The House on Friday passed a massive $1.3 trillion spending package that includes $210 billion in emergency funding for the government’s response to the coronavirus. The pandemic-specific funding would target multiple initiatives, including state and local public health departments, medical research, and public housing.
The rest of the bill would fund most of the federal government in the 2021 fiscal year, including the departments of Labor, Health and Human Services, Education, Homeland Security, Justice, Transportation and Energy. Appropriations for the Department of Homeland Security were removed from the package earlier this week due to disagreements within the Democratic caucus over Trump administration immigration policing policies.

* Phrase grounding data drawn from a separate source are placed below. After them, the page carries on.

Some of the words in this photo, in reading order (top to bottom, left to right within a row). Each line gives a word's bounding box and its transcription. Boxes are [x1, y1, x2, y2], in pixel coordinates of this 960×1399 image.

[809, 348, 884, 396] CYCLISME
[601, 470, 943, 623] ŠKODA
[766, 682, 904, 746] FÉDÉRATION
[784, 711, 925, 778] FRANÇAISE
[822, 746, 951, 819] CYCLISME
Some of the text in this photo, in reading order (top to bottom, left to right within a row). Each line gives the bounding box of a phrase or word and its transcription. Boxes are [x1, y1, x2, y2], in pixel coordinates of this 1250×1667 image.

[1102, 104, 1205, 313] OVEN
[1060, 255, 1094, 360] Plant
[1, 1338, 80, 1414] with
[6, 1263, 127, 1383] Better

Last week, the House passed a $259 billion package that would fund the departments of State, Interior, Agriculture and Veterans Affairs, among others. Ten of the 12 annual spending bills for 2021 have now passed the House.

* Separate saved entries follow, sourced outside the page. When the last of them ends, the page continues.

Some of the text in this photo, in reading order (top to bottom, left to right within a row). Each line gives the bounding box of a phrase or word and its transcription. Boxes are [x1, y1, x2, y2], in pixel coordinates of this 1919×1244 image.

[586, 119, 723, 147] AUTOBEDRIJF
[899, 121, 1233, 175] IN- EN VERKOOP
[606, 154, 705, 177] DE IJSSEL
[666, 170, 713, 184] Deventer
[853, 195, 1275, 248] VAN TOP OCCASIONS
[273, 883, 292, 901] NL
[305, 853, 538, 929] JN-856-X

Why it matters: The funding bills have virtually no chance of making it past the Republican-controlled Senate, Politico reports, and President Trump has threatened to veto them if they somehow do. Politically, the bills amount to an opening bid from Democrats in negotiations with Republicans over government funding for the next fiscal year, which begins in October. But those negotiations may take some time to get started, since the appropriations process in the Senate has stalled, and none of the 12 funding bills have passed so far. (You can track the progress of the 2021 appropriations bills at the Congressional Research Service website.)